Si alguien pensó que el tema del incremento del bono de representación parlamentaria pasaría a un segundo plano, ya sea por las fiestas de fin de año o por que el tiempo mata escándalo, pues se equivocó. El descrédito del Parlamento es de tal envergadura que una medida de esta naturaleza es justamente aquella que no muere rápido, pese a que ayer la Junta de Portavoces dejó sin efecto el incremento de los gastos operativos.
En términos racionales, es claro que los parlamentarios deben estar entre los mejores pagados de la administración pública. En un sistema democrático, a diferencia de los designados, los cargos elegidos tienen un valor especial, pues nacen de la voluntad popular, traducido en voto. Representar no es pues poca cosa, aun cuando en nuestro país, para algunos parlamentarios, poca cosa es representar.
El bono de la discordia fue además, como se ha demostrado, un incremento salarial encubierto, pues no se rinde cuenta sobre el mismo y se lo grava con impuestos. Lo peor es que este aumento se hizo en medio del desprestigio del Congreso y la negativa de incremento a otros servidores públicos, que han visto congelados sus ingresos más de una década.
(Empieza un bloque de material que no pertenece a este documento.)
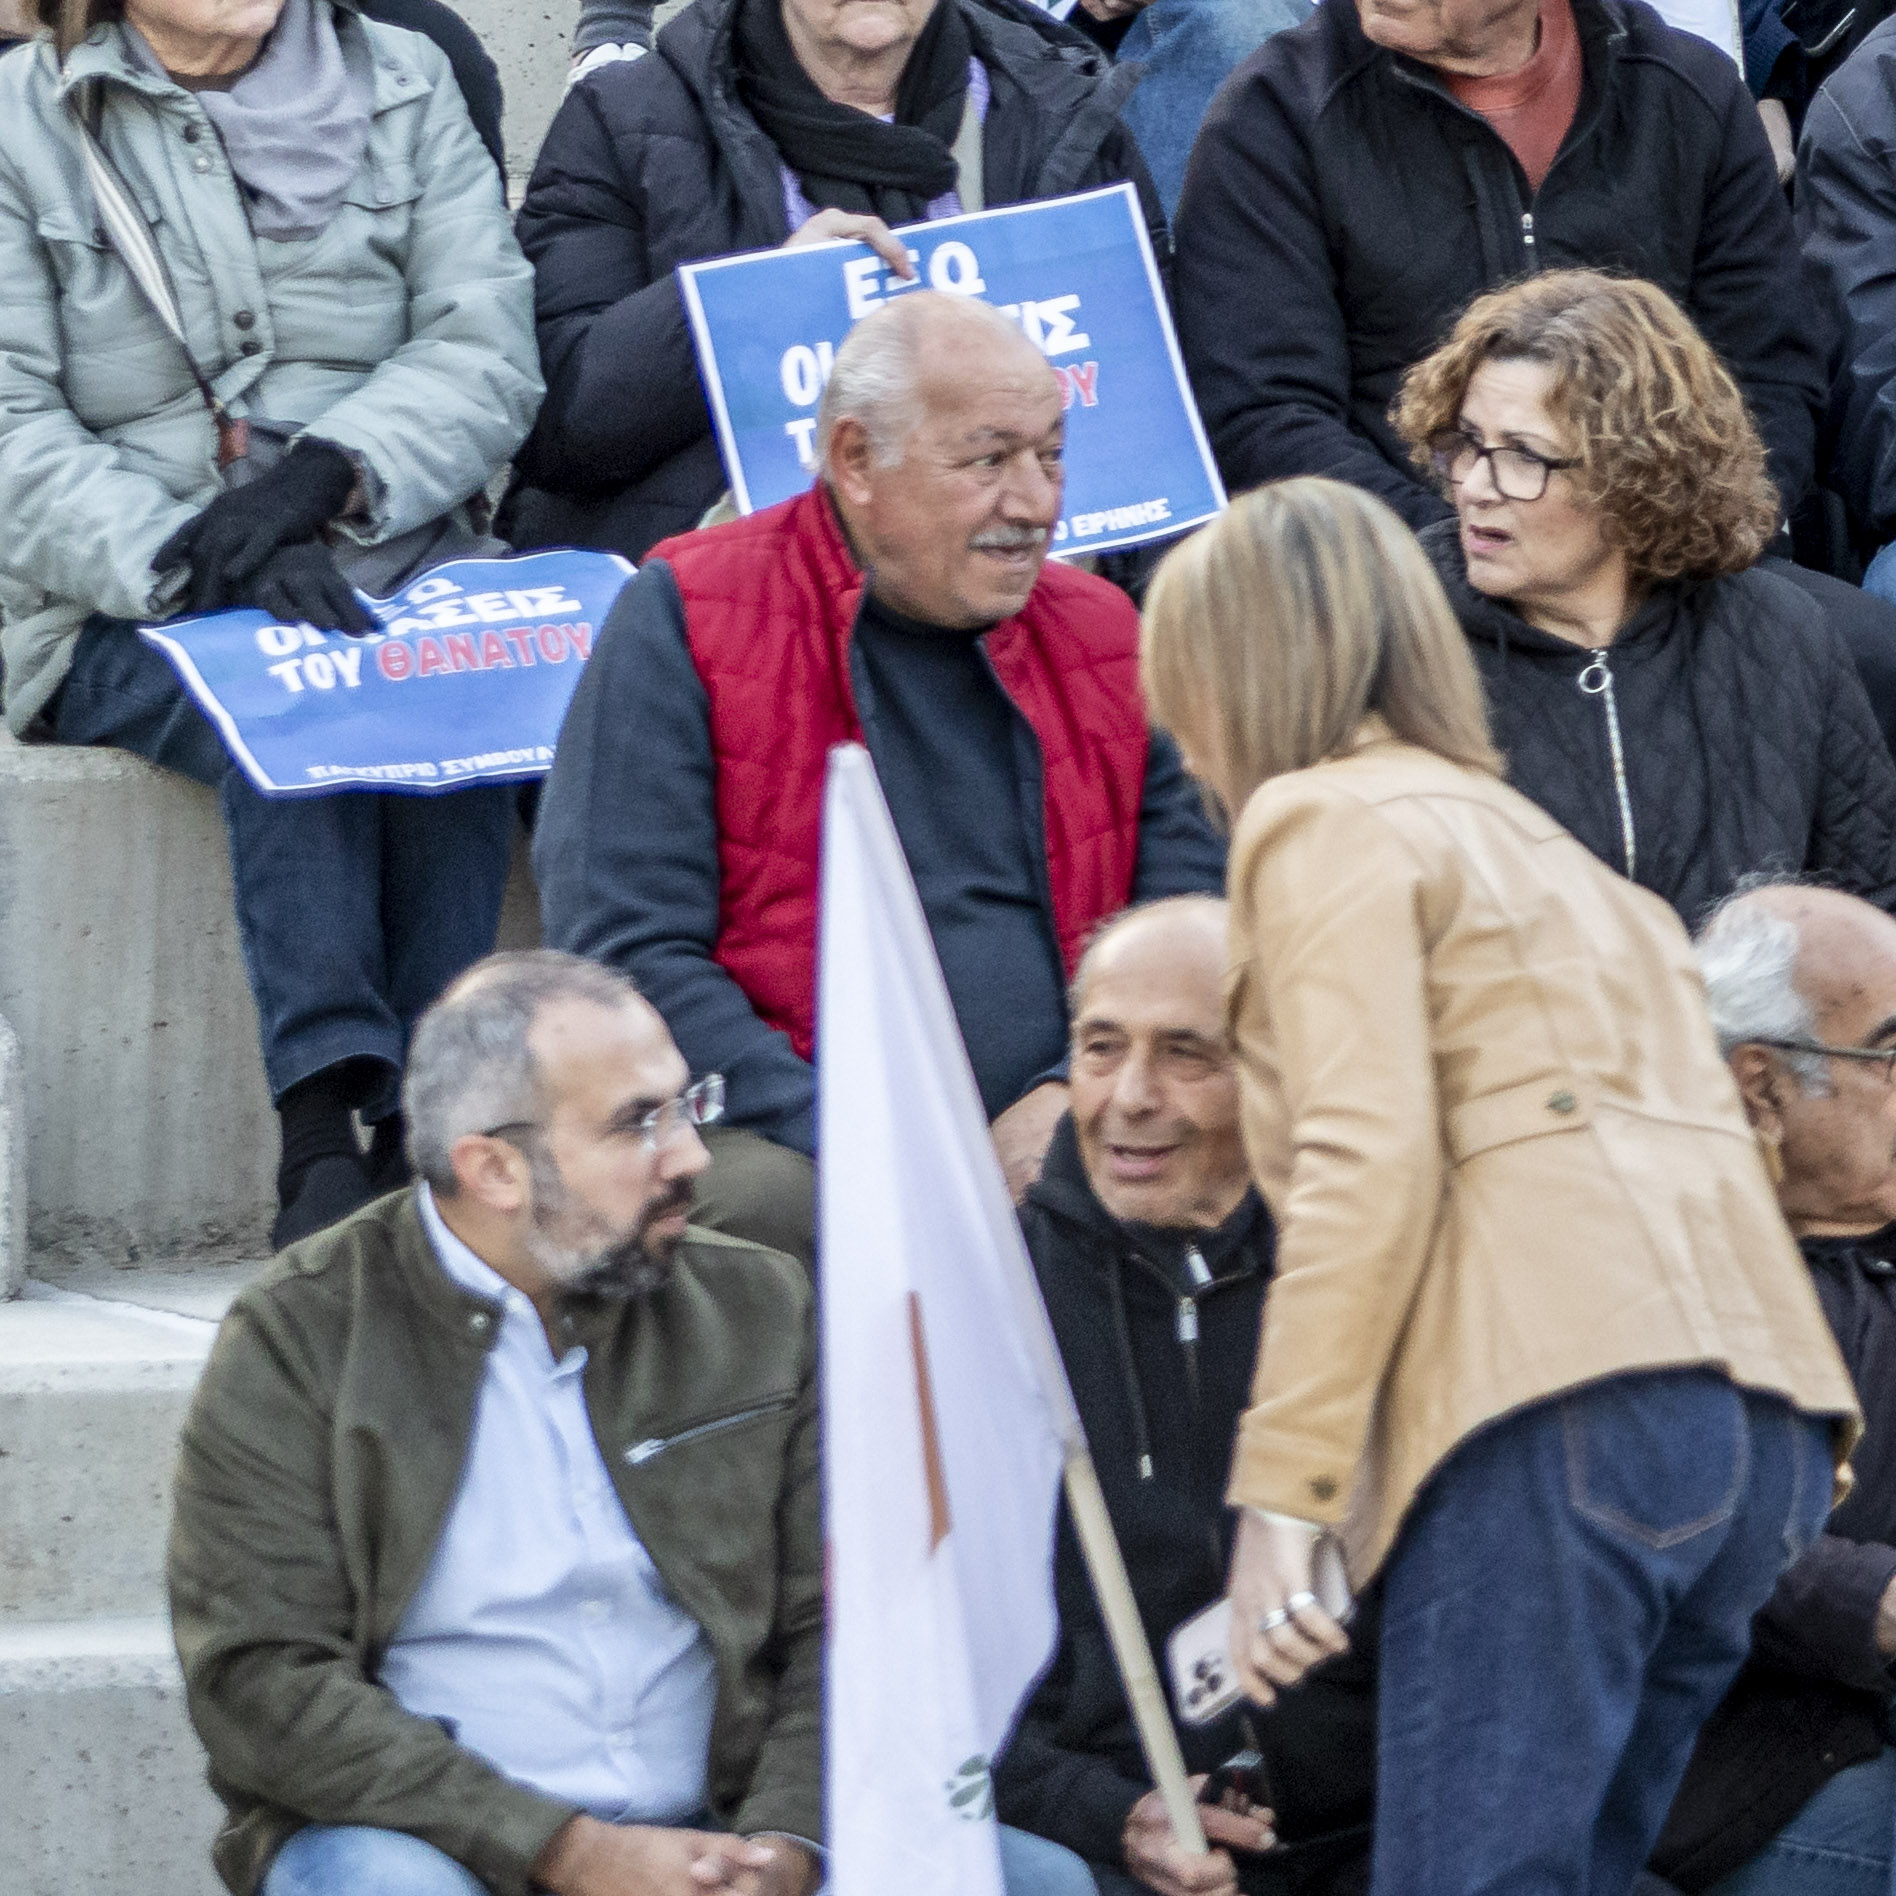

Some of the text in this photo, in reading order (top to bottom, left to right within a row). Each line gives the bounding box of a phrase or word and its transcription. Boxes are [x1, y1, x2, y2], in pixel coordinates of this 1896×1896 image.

[1073, 498, 1173, 539] ΕΙΡΗΝΗΣ
[364, 585, 583, 645] ΑΣΕΙΣ
[267, 622, 594, 694] ΤΟΥ ΘΑΝΑΤΟΥ
La forma y la oportunidad, muy importante en política, han sido así las menos atendidas.
El tema, sin embargo, tiene aristas tan y más complicadas que no desaparecerán así nomás, pese a la decisión de dar marcha atrás al discutido incremento.
El Congreso es la institución propia de los partidos políticos y donde se expresa más claramente la representación, por lo que su constitución dice mucho, tanto de los elegidos, como de los electores. Sobre estos últimos, se dice poco y se los asume como componentes de un cuerpo víctima de los abusos y traiciones de sus elegidos. Pero, en realidad, nuestros parlamentarios son muy representativos de lo que hoy es el electorado peruano. Es decir, ganado por figuras populistas, cautivado por la prebenda, volátil en sus decisiones, desinteresado de los asuntos públicos e irresponsable de su voto. En otras palabras, el Parlamento expresa, más que nada, a nuestro electorado.
Asimismo, si los partidos eran débiles, sin organización, con direcciones extremadamente personalistas y no se había modificado sustantivamente las reglas de juego institucionales, así como la relación entre candidatos y electores se mantenía igual, era previsible que este Parlamento, no tenía por qué ser distinto, ni mejor que el anterior.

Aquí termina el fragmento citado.